TRACE ELEMENTS: Very small amounts of a chemical element found in plant tissue.
TRACHYCARPOUS: Having rough fruit.
TRACHYSPERMOUS: Rough-seeded.
TRAINING: The art or operation of forming young trees (or any other plant) to a wall or espalier, or causing them to grow in a desired shape.
TRANSPIRATION: The loss of watery vapor from the surface of foliage.
TRANSPIRE: To exhale watery vapor.
TREE: 1. A perennial plant that grows from the ground with a single, normally tall, woody, self-supporting trunk or stem and an elevated crown of branches and foliage (or only foliage as in the palms). 2. An herb or shrub growing naturally in or trained into the form or a tree.
TREE RING: A circle of cells just under the bark. The width of the ring indicates the amount of lateral growth the tree has undergone in any given year.
TRIANDROUS: Having 3 stamens.
TRICARPELLARY: Having three, usually fused, carpels.
TRICHOME:A plant hair.
TRICOSTATE: Three-ribbed.
TRIDACTYLATE: Literally, three-fingered, with three narrow lobes.

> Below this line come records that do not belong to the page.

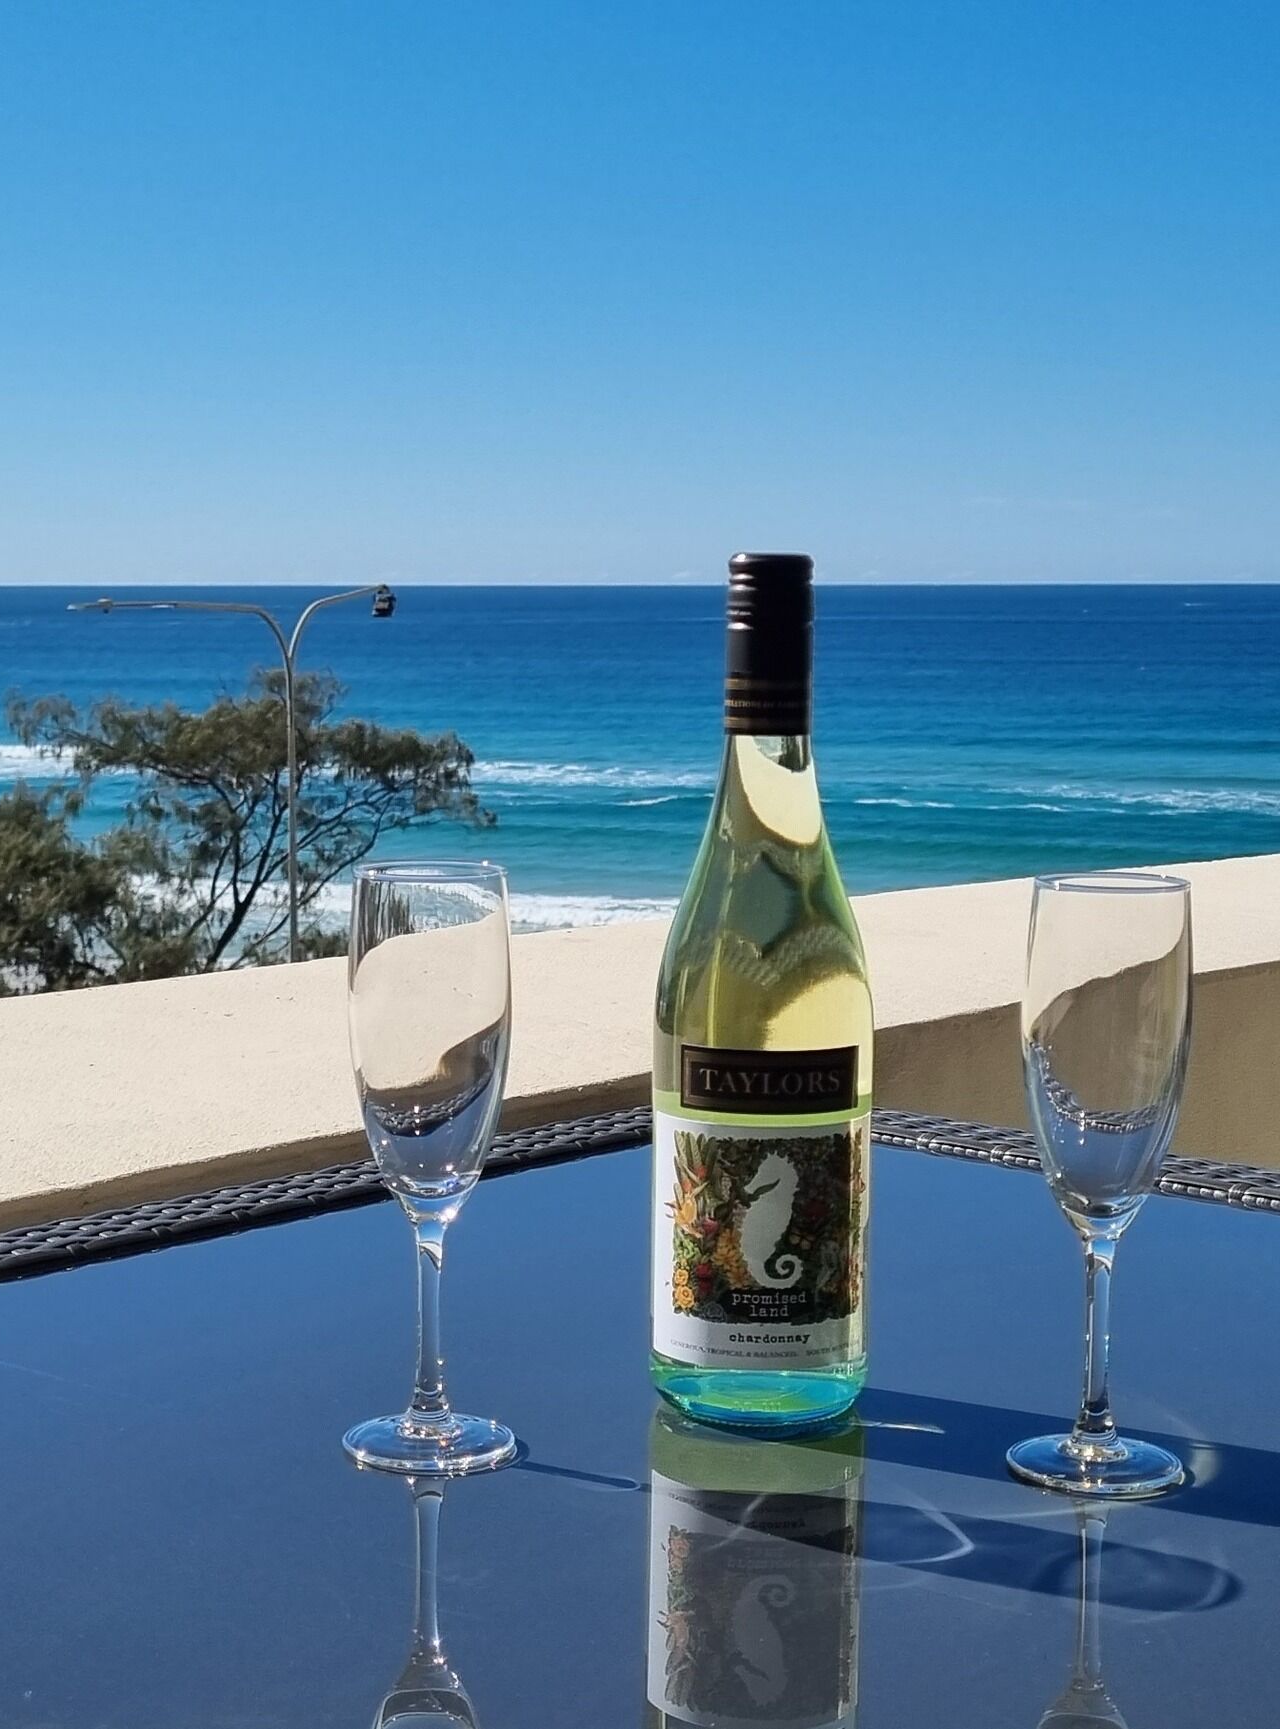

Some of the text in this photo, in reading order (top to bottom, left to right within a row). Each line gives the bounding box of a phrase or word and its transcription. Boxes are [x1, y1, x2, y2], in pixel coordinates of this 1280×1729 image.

[699, 1068, 841, 1095] TAYLORS
[731, 1291, 807, 1305] promised
[749, 1305, 789, 1316] land
[729, 1333, 811, 1344] chardonnay
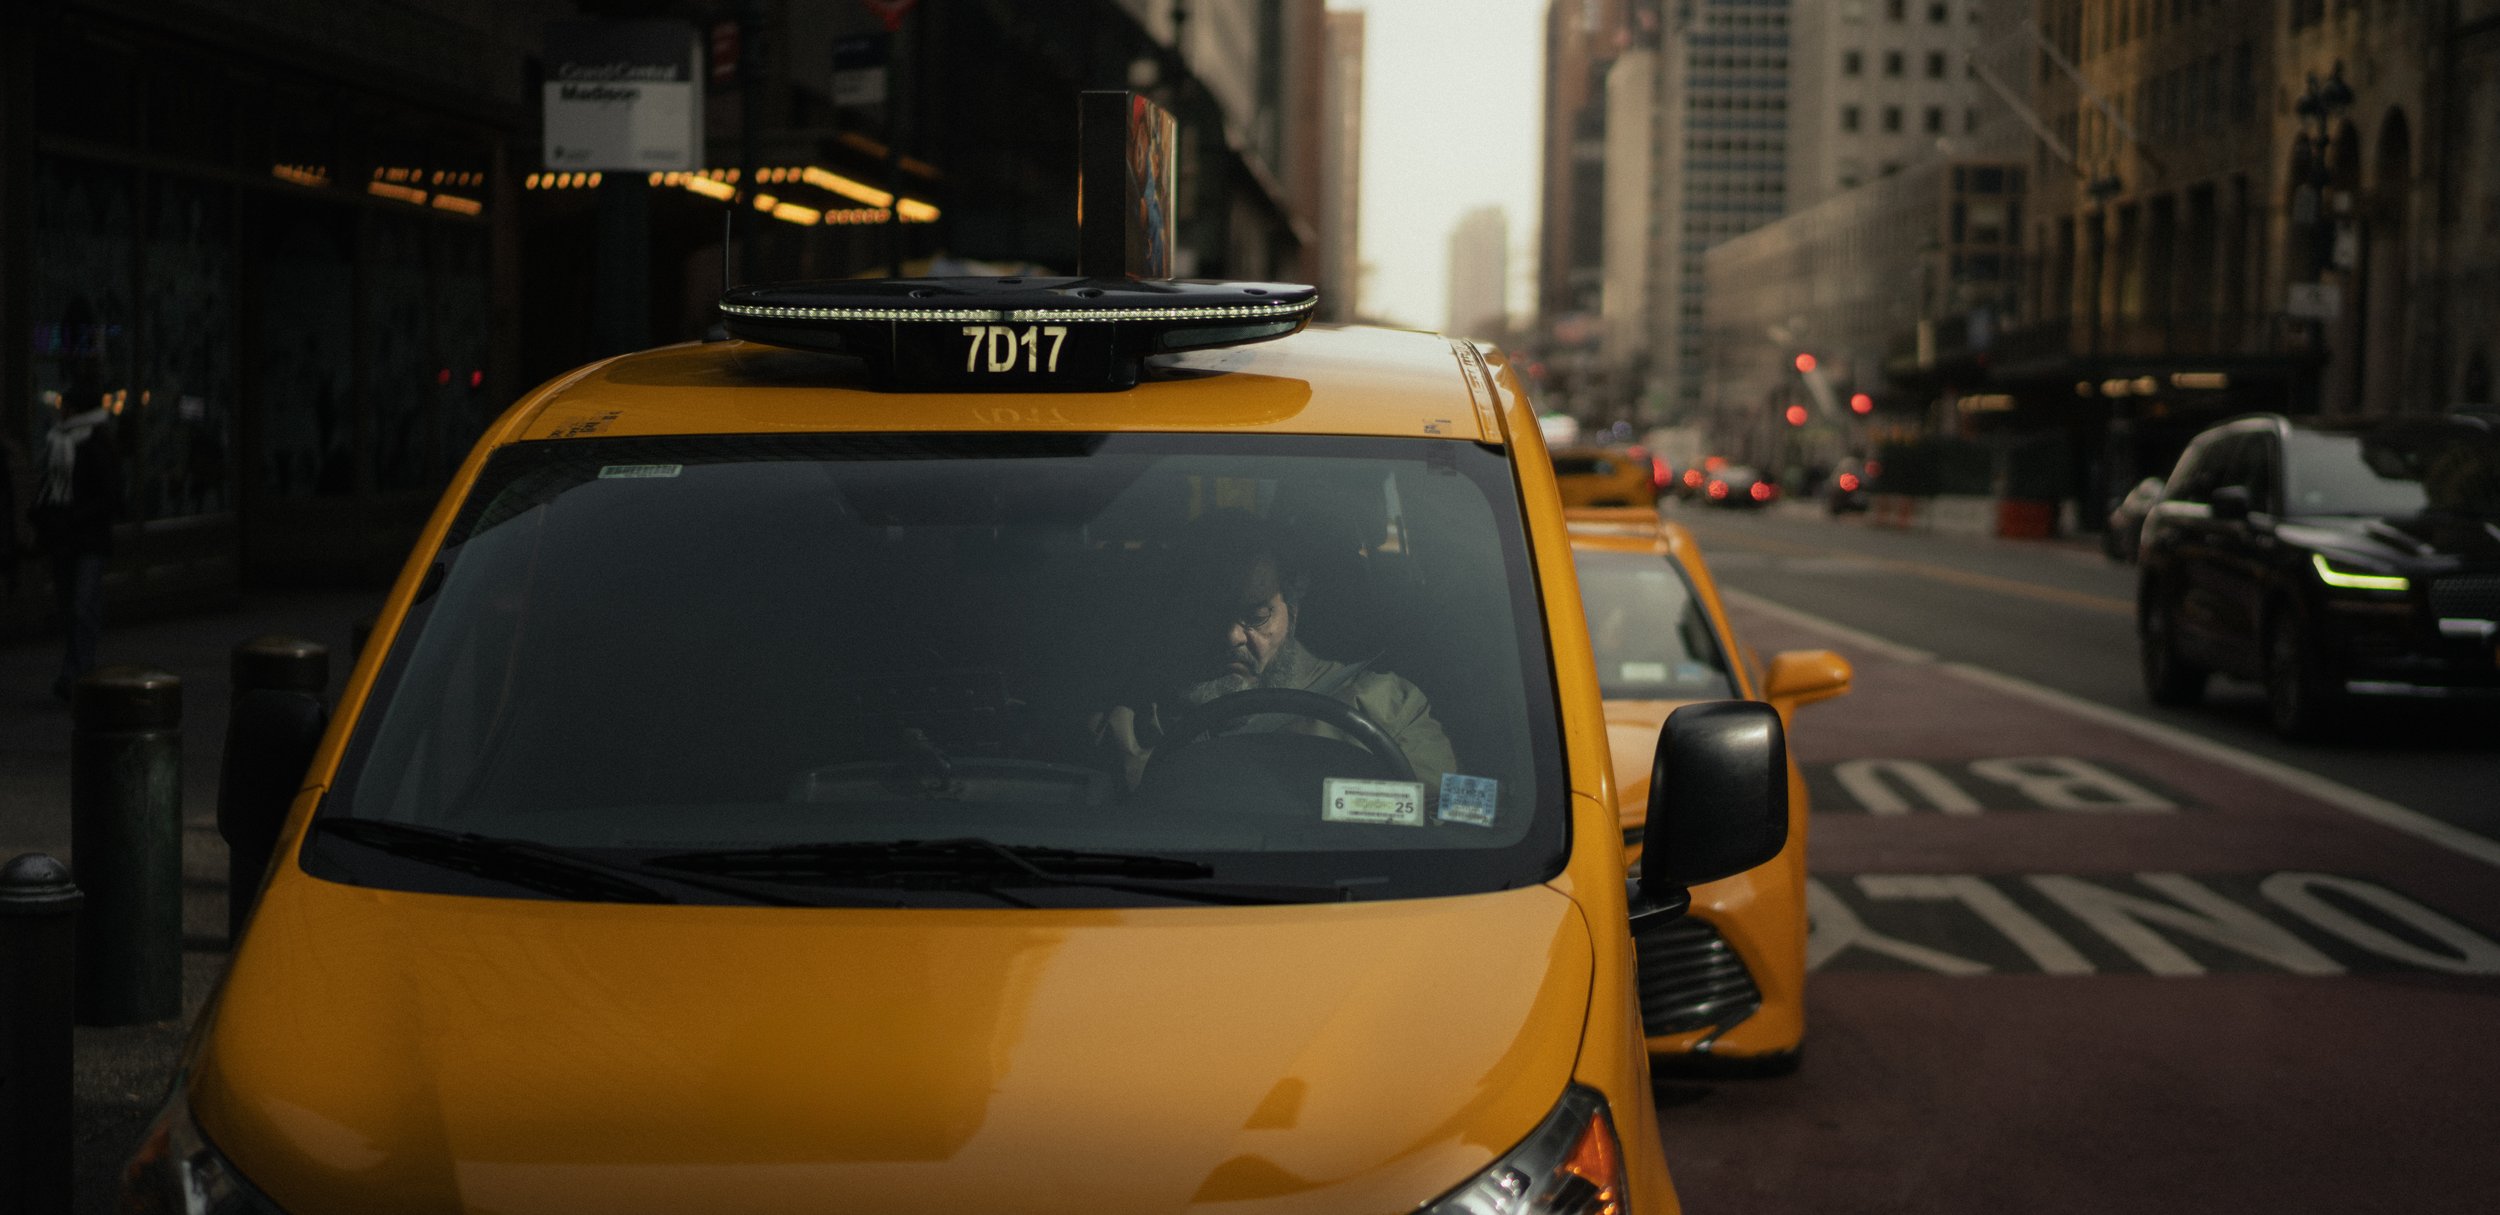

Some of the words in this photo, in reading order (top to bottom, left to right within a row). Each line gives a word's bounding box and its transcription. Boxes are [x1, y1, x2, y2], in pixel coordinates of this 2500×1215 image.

TRIFOLIATE: Having three leaves.
TRIFURCATE: Divided into three branches of forks.
TRIGAMOUS: Having three sorts of flowers in the same head: male, female, and hermaphrodite.
TRIJUGATE: Having three pairs of leaflets.
TRILOBATE: Three-lobed, such as a leaf.
TRIMEROUS: Having the parts in three's; often written 3-merous.
TRIMORPHISM: The development of three distinct forms of flowers, leaves, or other parts upon the same plant, or upon plants of the same species.
TRIMORPHOUS: Pertaining to, or characterized by trimorphism; having three distinct forms.
TRIOECIOUS: Having male, female, and hermaphrodite flowers, each on different plants.
TRIPETALOID: Appearing as if there are three petals, as a tripetaloid perianth.
TRIPETALOUS: Three-petaled.
TRIPINNATE: Threefold pinnate, as when leaflets of a bipinnate (divided twice) leaf are themselves pinnate.
TRIPINNATISECT: Parted nearly to the base or midrib in a tripinnate manner, such as a leaf.
TRIPLOID: Having three complete sets of chromosomes.
TRIQUETROUS: Three-angled; three-winged.
TRISTACHYOUS: Three-spiked.
TRISTICHOUS: Arranged in 3 vertical rows or ranks.
TRISTYLOUS: Three-styled.
TRITERNATE: A leaf divided into three parts, each of which is divided into three parts and then again divided into three leaflets; each complete leaf having 27 leaflets.
TRUNCATE: With one end squared off, such as the leaf of the Tulip Tree, Liriodendron tulipifera.
TRUSS: A compact terminal flower cluster or fruit cluster, such as the Lilac or Tomato.
TRYMA: A nut-like drupe with the outer part of the seed covering fleshy, leathery, or fibrous, and with a stony endocarp (inner shell), as in the walnut and hickory nut.